Stored items from a collection:
◆ ◆ ◆ ◆

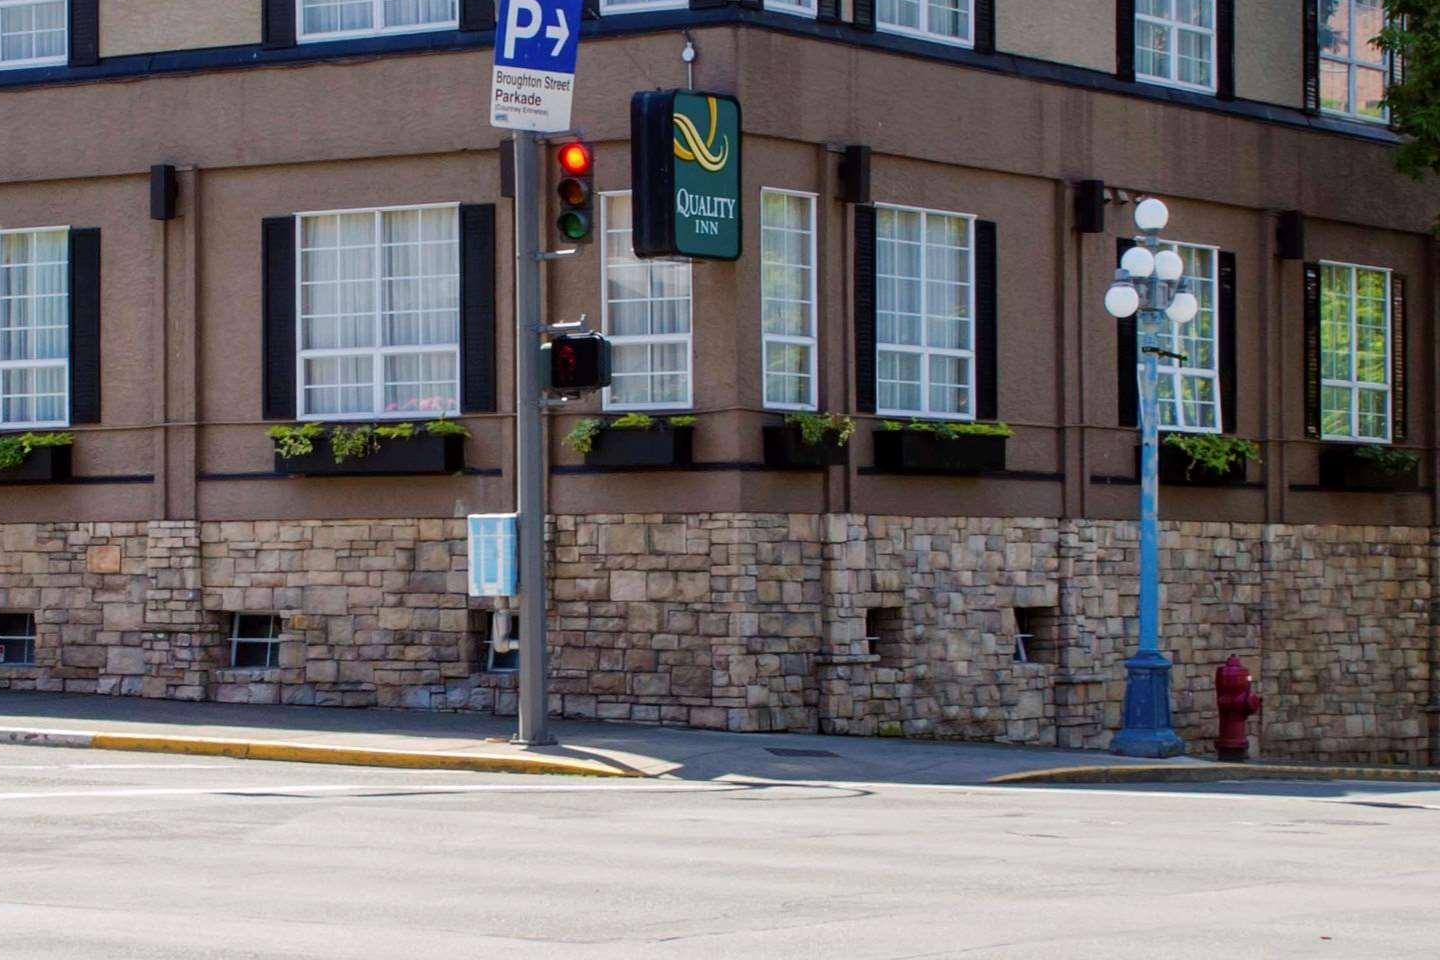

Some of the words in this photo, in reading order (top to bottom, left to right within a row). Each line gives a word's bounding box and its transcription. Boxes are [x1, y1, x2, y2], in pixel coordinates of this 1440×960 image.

[496, 71, 542, 89] Broughton
[544, 76, 570, 92] Street
[496, 89, 542, 106] Parkade
[676, 187, 736, 219] QUALITY
[695, 219, 719, 235] INN
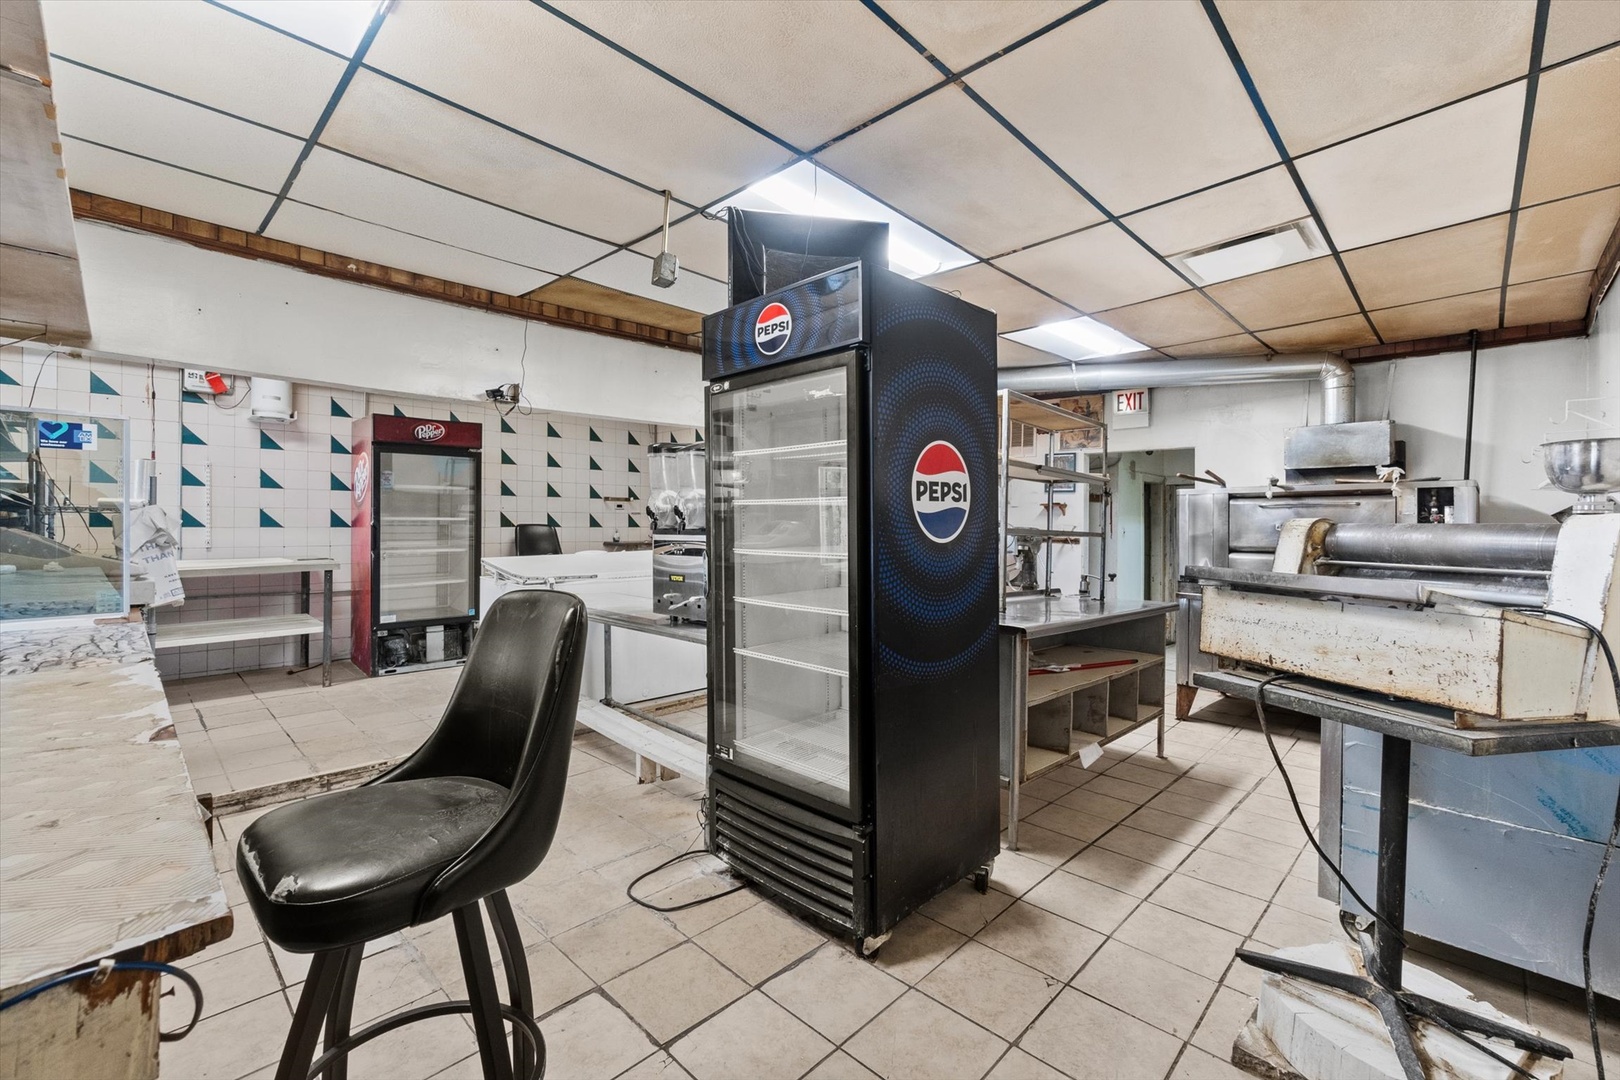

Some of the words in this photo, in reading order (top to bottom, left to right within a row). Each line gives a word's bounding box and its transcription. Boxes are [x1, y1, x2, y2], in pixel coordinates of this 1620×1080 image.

[756, 320, 790, 338] PEPSI
[1117, 391, 1144, 412] EXIT
[416, 425, 443, 439] Pepper
[425, 424, 437, 432] Dr
[916, 480, 968, 503] PEPSI
[142, 550, 174, 564] THAN
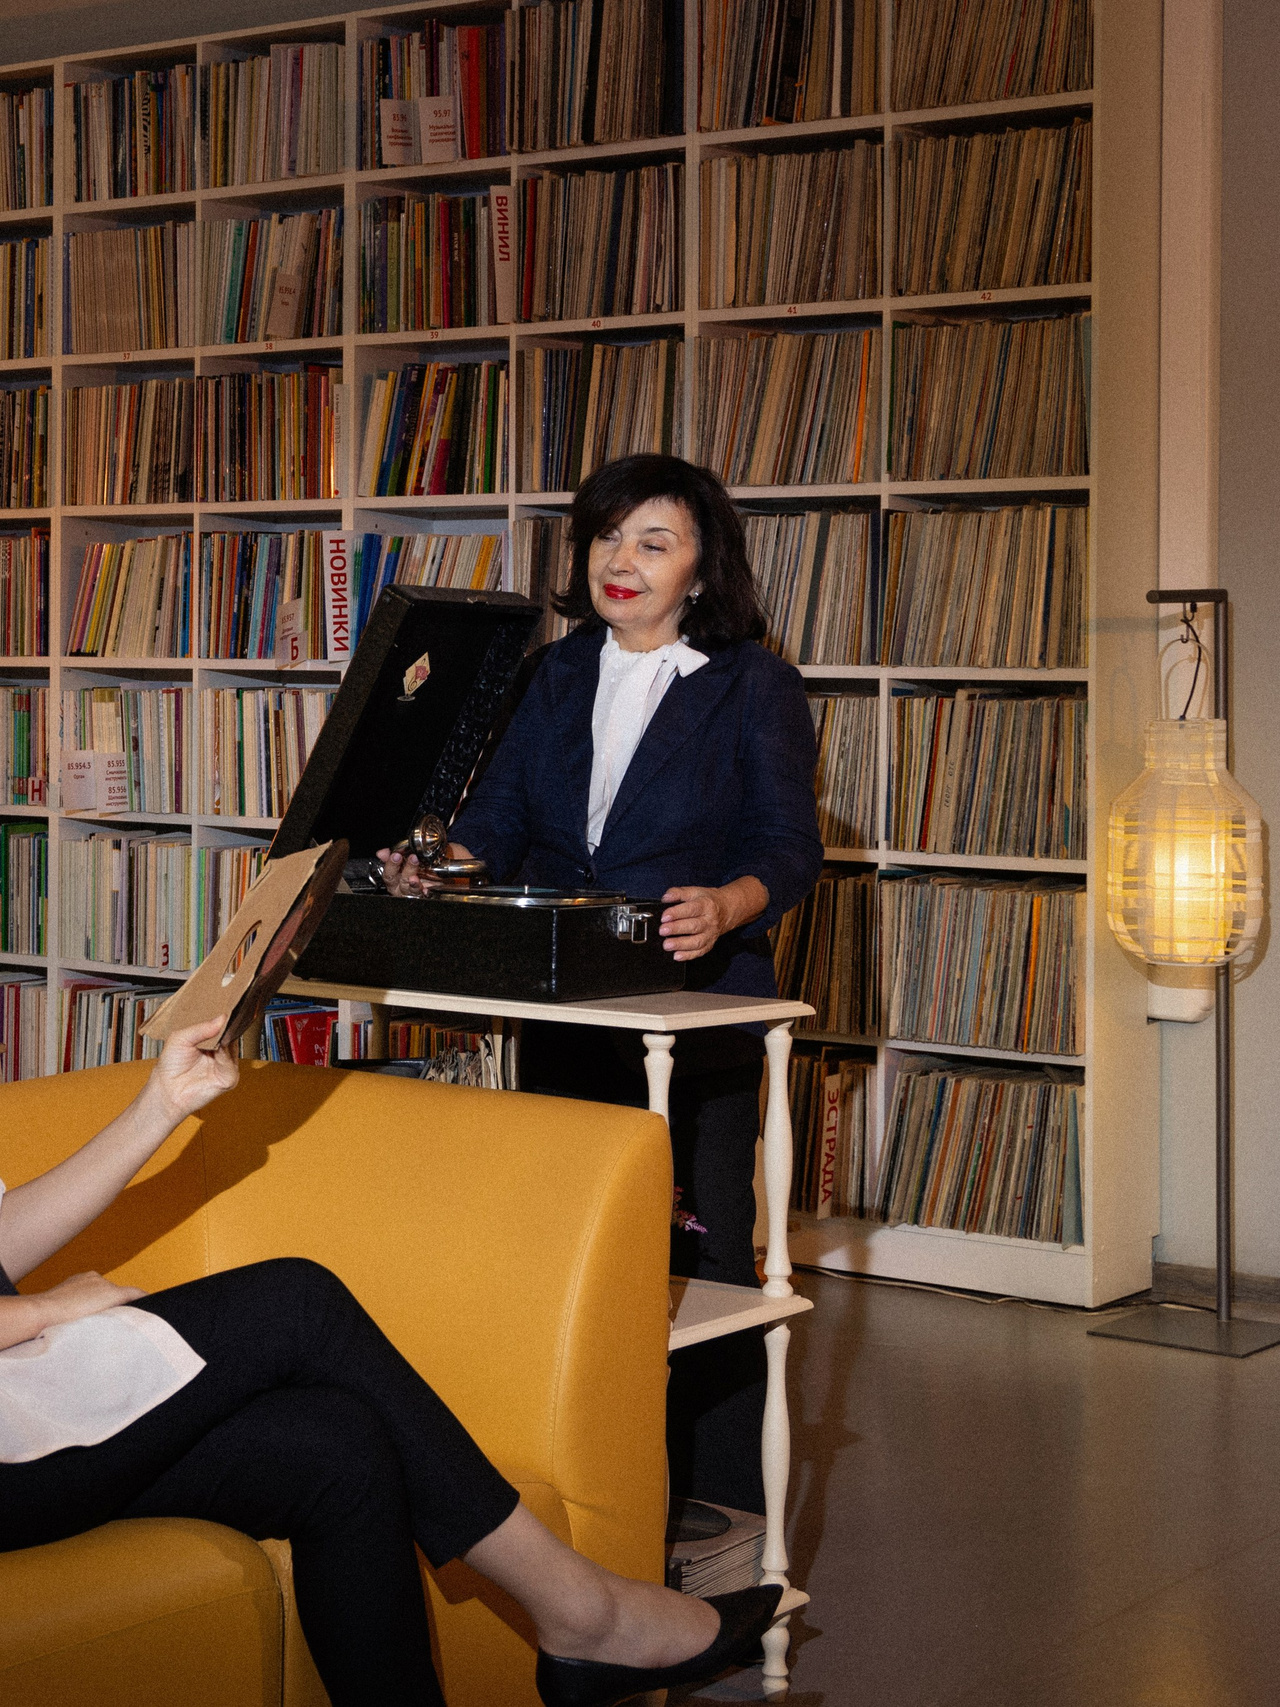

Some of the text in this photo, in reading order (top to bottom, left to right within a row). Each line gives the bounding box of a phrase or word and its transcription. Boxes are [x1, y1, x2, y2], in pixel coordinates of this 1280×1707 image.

[496, 195, 510, 262] ВИНИЛ
[980, 292, 992, 301] 42
[787, 306, 797, 314] 41
[591, 320, 601, 328] 40
[430, 331, 439, 339] 39
[265, 342, 273, 350] 38
[123, 352, 130, 360] 37
[329, 538, 350, 652] НОВИНКИ
[290, 636, 299, 661] Б
[67, 762, 92, 770] 85.954.3
[107, 759, 126, 768] 85.955
[30, 779, 42, 802] Н
[108, 786, 126, 794] 85.956
[162, 944, 169, 966] З
[821, 1087, 841, 1205] ЭСТРАДА

◆ ◆ ◆ ◆

» Your goal:
Return exactly what appears in the records from the line with "Some of the text" through the final line, and nothing else.

» Task result:
Some of the text in this photo, in reading order (top to bottom, left to right within a row). Each line gives the bounding box of a phrase or word and its transcription. Boxes are [x1, y1, x2, y2], in pixel coordinates of this 1280×1707 image.

[496, 195, 510, 262] ВИНИЛ
[980, 292, 992, 301] 42
[787, 306, 797, 314] 41
[591, 320, 601, 328] 40
[430, 331, 439, 339] 39
[265, 342, 273, 350] 38
[123, 352, 130, 360] 37
[329, 538, 350, 652] НОВИНКИ
[290, 636, 299, 661] Б
[67, 762, 92, 770] 85.954.3
[107, 759, 126, 768] 85.955
[30, 779, 42, 802] Н
[108, 786, 126, 794] 85.956
[162, 944, 169, 966] З
[821, 1087, 841, 1205] ЭСТРАДА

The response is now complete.